In the their study, the Origins of Happiness, the authors call for a new focus for public policy: not ‘wealth creation’ but ‘wellbeing creation.'”

The authors say: “Most human misery is due not to economic factors but to failed relationships and physical and mental illness. Eliminating depression and anxiety would reduce misery by 20% while eliminating poverty would reduce it by 5%. And on top of that, reducing mental illness would involve no net cost to the public purse.” 

So the authors propose the delivery of more Cognitive Behavioural Therapy (CBT), whilst income redistribution and social justice perspectives are considered trivial and insignificant because they are deemed too costly. Layard in particular enthusiastically endorses CBT, which he regards as the modern evidence-based psychological therapy of choice. Layard was one of the key signatories of The Depression Report, and one of the main campaigners, along with David Clark, for the Increasing Access to Psychological Therapies (IAPT) programme, which has entailed the mass provision of CBT.

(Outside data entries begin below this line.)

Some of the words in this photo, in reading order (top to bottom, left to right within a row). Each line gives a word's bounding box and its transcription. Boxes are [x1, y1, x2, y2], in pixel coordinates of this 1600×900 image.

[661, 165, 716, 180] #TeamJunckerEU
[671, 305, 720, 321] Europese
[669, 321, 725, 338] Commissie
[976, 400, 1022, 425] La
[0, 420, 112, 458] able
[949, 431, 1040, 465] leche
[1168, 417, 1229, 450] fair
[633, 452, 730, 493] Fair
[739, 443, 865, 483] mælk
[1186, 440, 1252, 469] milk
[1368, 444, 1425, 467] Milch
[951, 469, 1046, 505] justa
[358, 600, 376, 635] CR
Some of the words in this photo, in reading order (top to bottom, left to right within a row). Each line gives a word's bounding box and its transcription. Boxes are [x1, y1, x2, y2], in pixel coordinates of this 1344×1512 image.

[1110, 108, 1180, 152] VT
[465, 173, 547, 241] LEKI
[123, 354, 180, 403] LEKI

CBT is a cheap, short-term, goal-oriented treatment that practitioners claim takes a “hands-on, practical approach to problem-solving.” Its goal is to change patterns of thinking or behaviour that are claimed to be behind people’s difficulties, and so change the way they feel about their circumstances. However, I have critiqued this approach more than once. 

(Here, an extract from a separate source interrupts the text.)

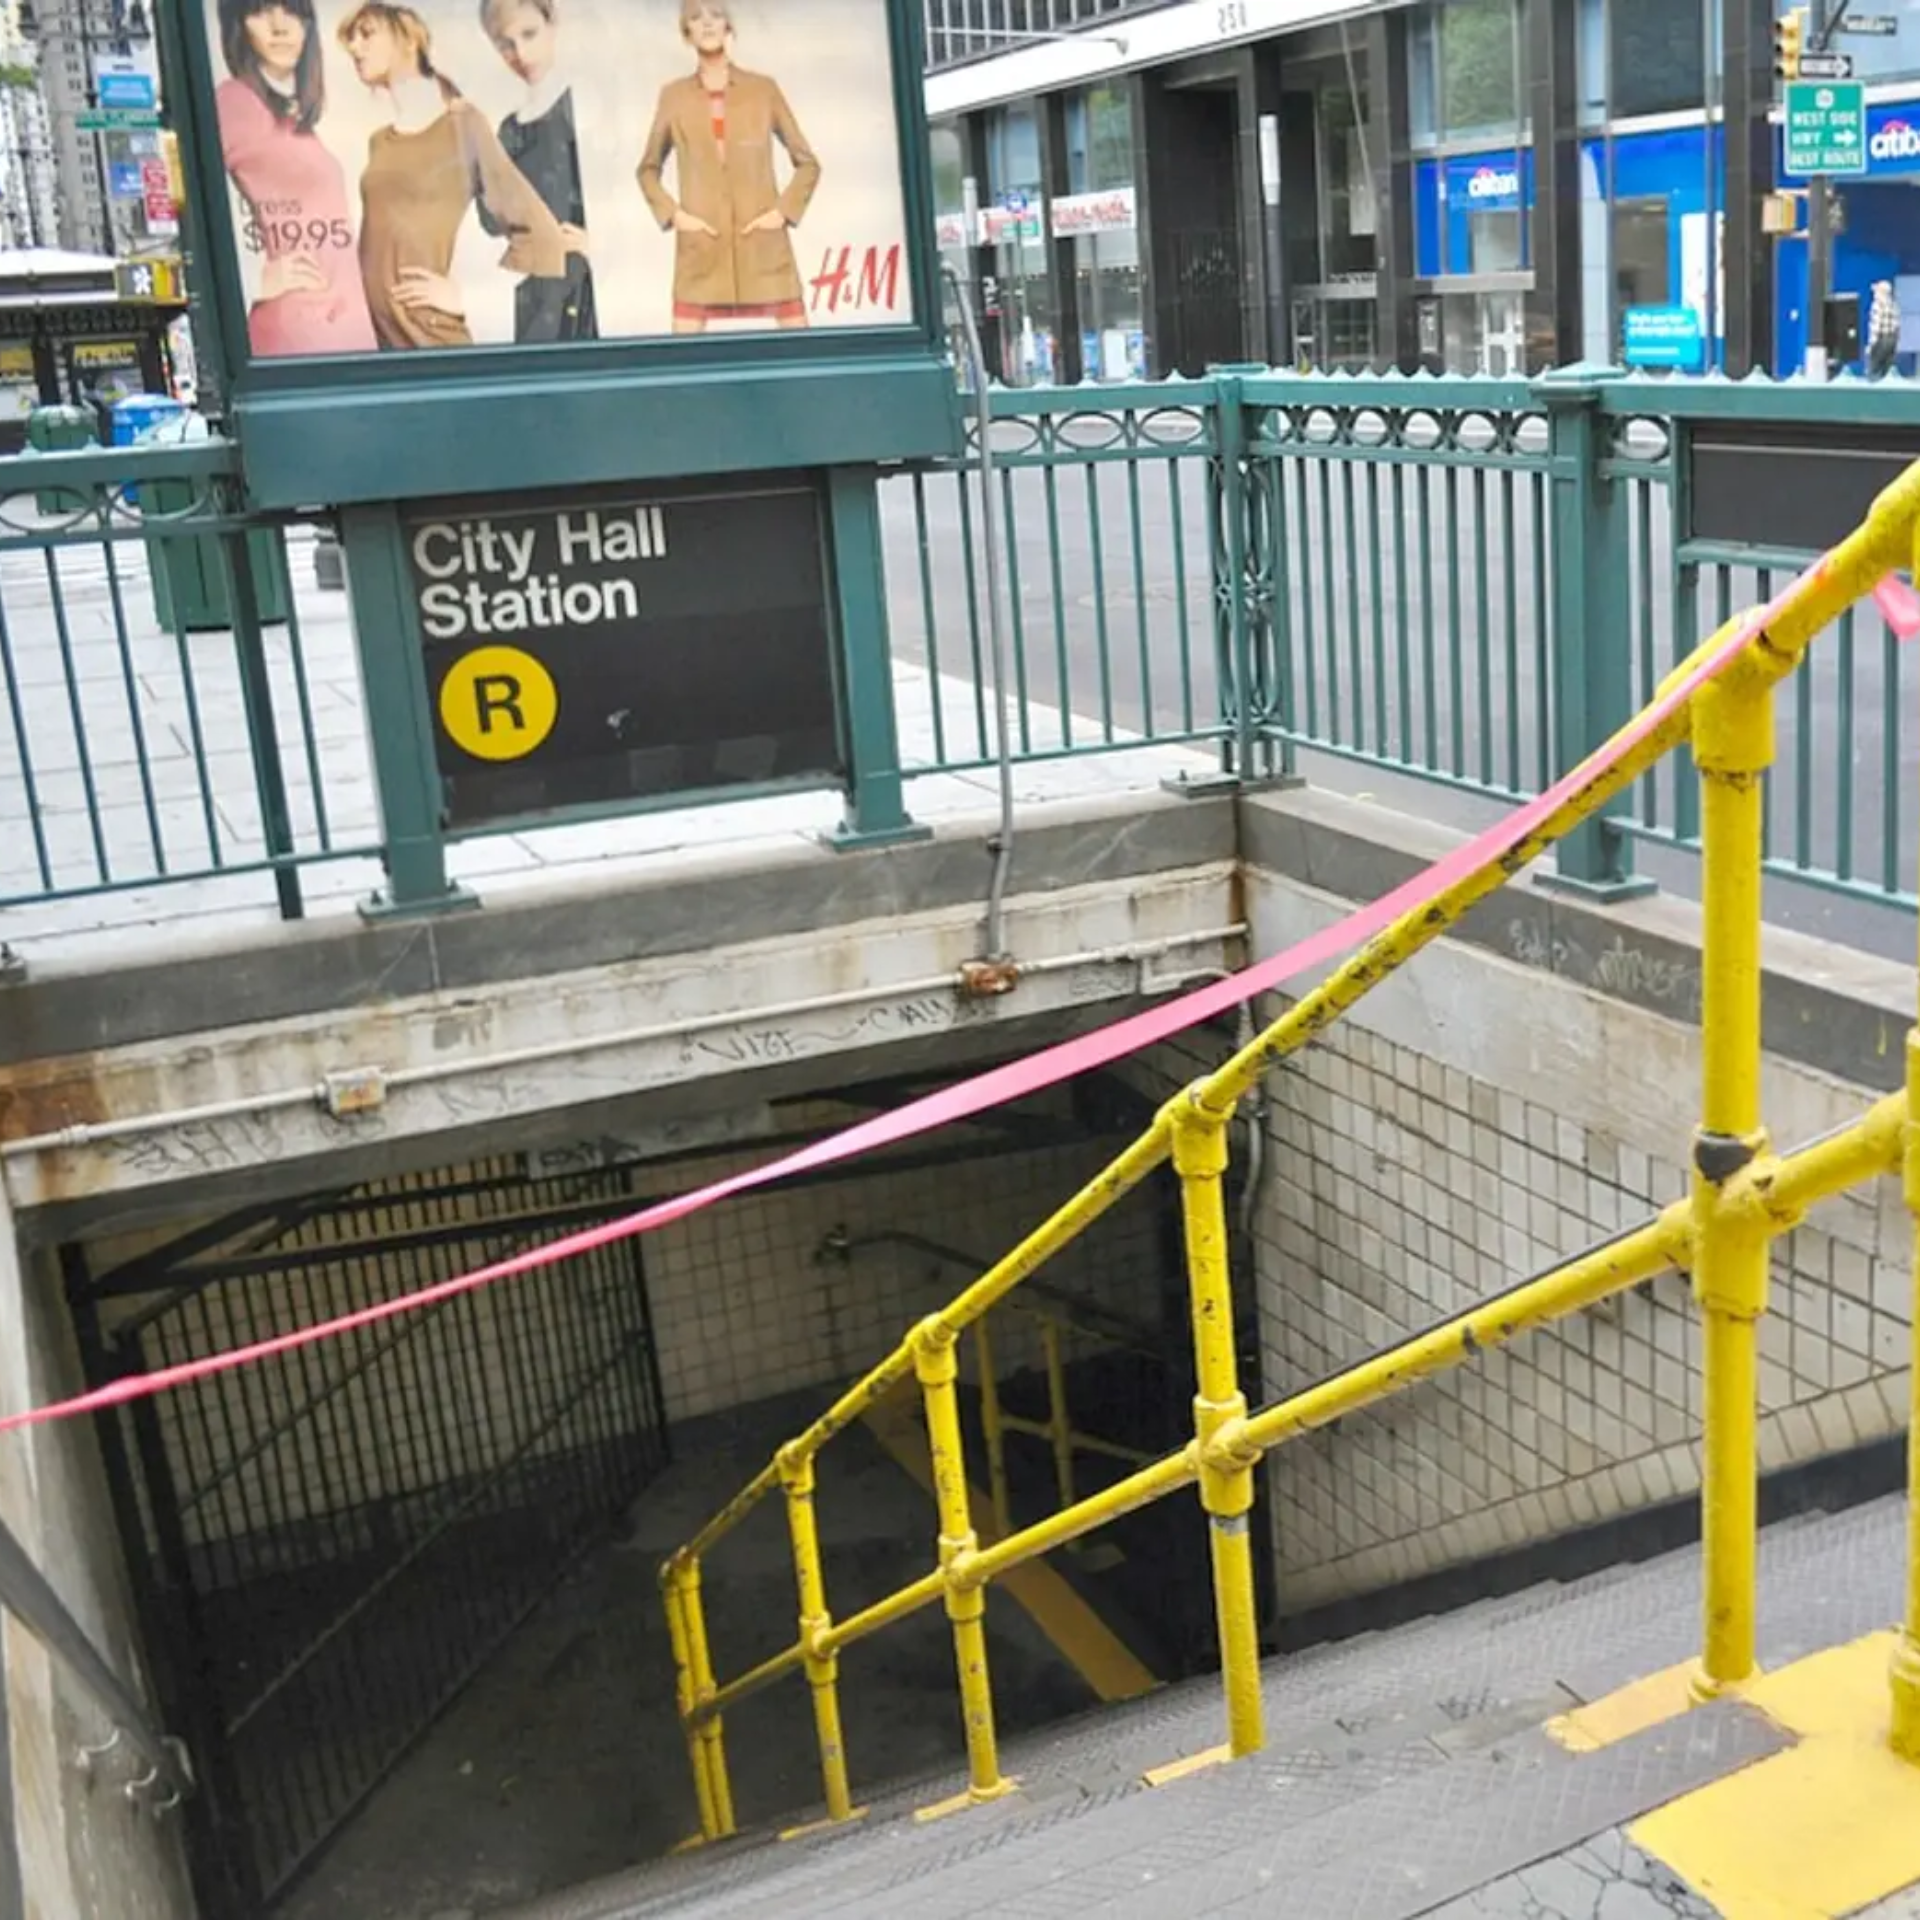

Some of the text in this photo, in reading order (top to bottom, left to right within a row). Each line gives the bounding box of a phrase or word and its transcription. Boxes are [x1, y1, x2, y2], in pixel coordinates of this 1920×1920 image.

[243, 219, 352, 254] $19.95
[413, 507, 667, 582] City Hall
[420, 574, 638, 638] Station
[473, 674, 526, 734] R

I’ve also critiqued the use of quantitative methodology and survey methods more generally in policy-making, as such methods frequently fail to pay due regard to authenticity, reliability and validity, inclusion and full participation: quantitative methods tend to be used non-prefiguratively. (See for example: The importance of citizen’s qualitative accounts in democratic inclusion and political participation.)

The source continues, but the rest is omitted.